Hemos comenzado a utilizar lámparas infrarrojas de 300W en su lugar. La diferencia es que estas lámparas envían energía radiante directamente hacia el producto. Es como si la energía llegara directamente al objetivo.
La magia del calor radiante
Una lámpara infrarroja de 300W no espera a que toda la cavidad del horno se caliente. Utiliza ondas electromagnéticas para transmitir energía. En resumen, ya no hay necesidad de gastar dinero calentando las paredes del horno.

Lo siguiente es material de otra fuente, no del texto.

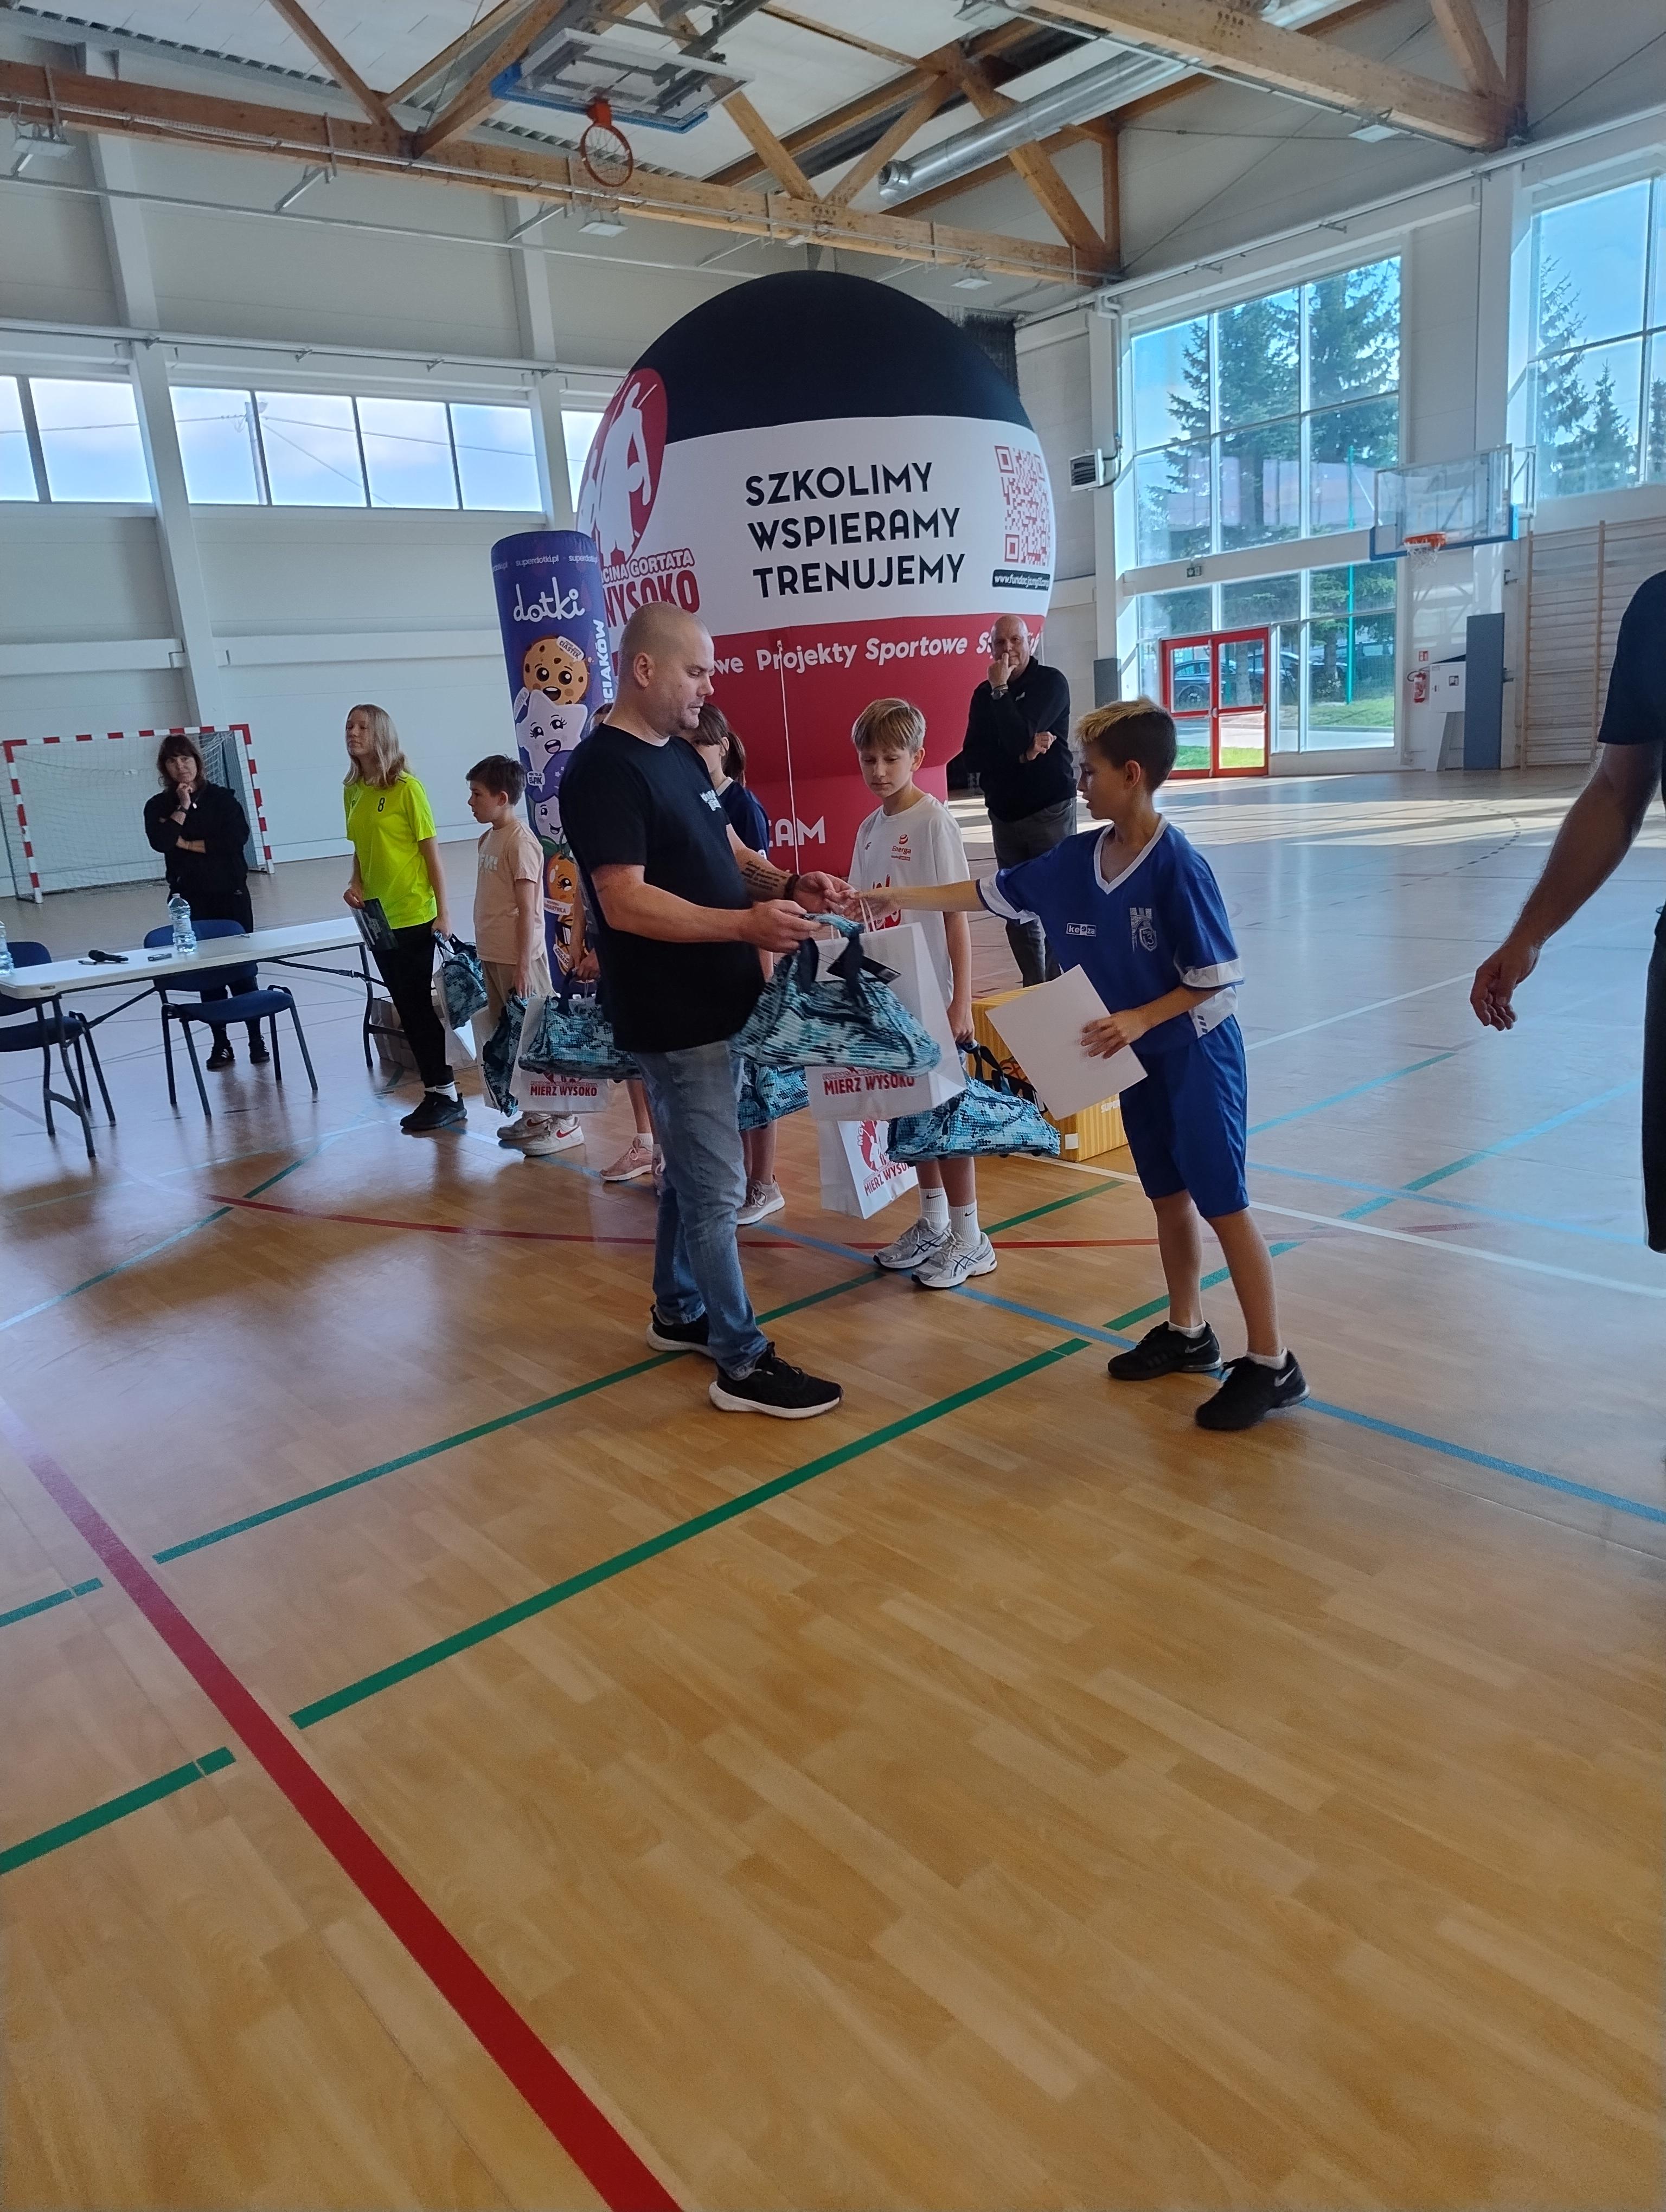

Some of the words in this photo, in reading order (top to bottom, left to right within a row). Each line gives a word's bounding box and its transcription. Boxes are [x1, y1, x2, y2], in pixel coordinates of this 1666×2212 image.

Para una panadería con mucho trabajo, esto representa una gran ventaja: el precalentamiento ocurre más rápidamente, la corteza del pan se forma más rápido, y cada pan queda igual de bien cocido. Simplemente es más eficiente.
Detalles importantes
Estas lámparas tienen un revestimiento de cuarzo, lo que significa que pueden soportar altas temperaturas sin derretirse. Usamos 300W porque es la potencia ideal: se obtiene suficiente calor, pero las lámparas duran más tiempo. Si se utiliza una potencia demasiado alta en un espacio pequeño, el filamento se quemará.
Es bastante fácil instalarlas en su equipo actual. Generalmente, se colocan en el mismo lugar donde estaban los elementos calefactores anteriores. Pero hay un detalle importante: las lámparas infrarrojas funcionan muy rápido. Si utiliza controladores PID, tendrá que ajustarlos. De lo contrario, el horno superará rápidamente la temperatura deseada antes de que el controlador se dé cuenta de lo que está pasando.
Qué esperar en la práctica
Lo mejor es que la factura de electricidad suele disminuir, ya que no hay necesidad de calentar todo el ambiente. Pero hay un sacrificio: los tubos de cuarzo son un poco más frágiles que esos cables gruesos de aleación. No se puede ignorar este detalle; hay que mantener el vidrio limpio. Si la harina o la grasa se acumulan en las lámparas, se crean puntos calientes que causan grietas en el cuarzo. Basta con limpiarlas regularmente para que sigan funcionando correctamente.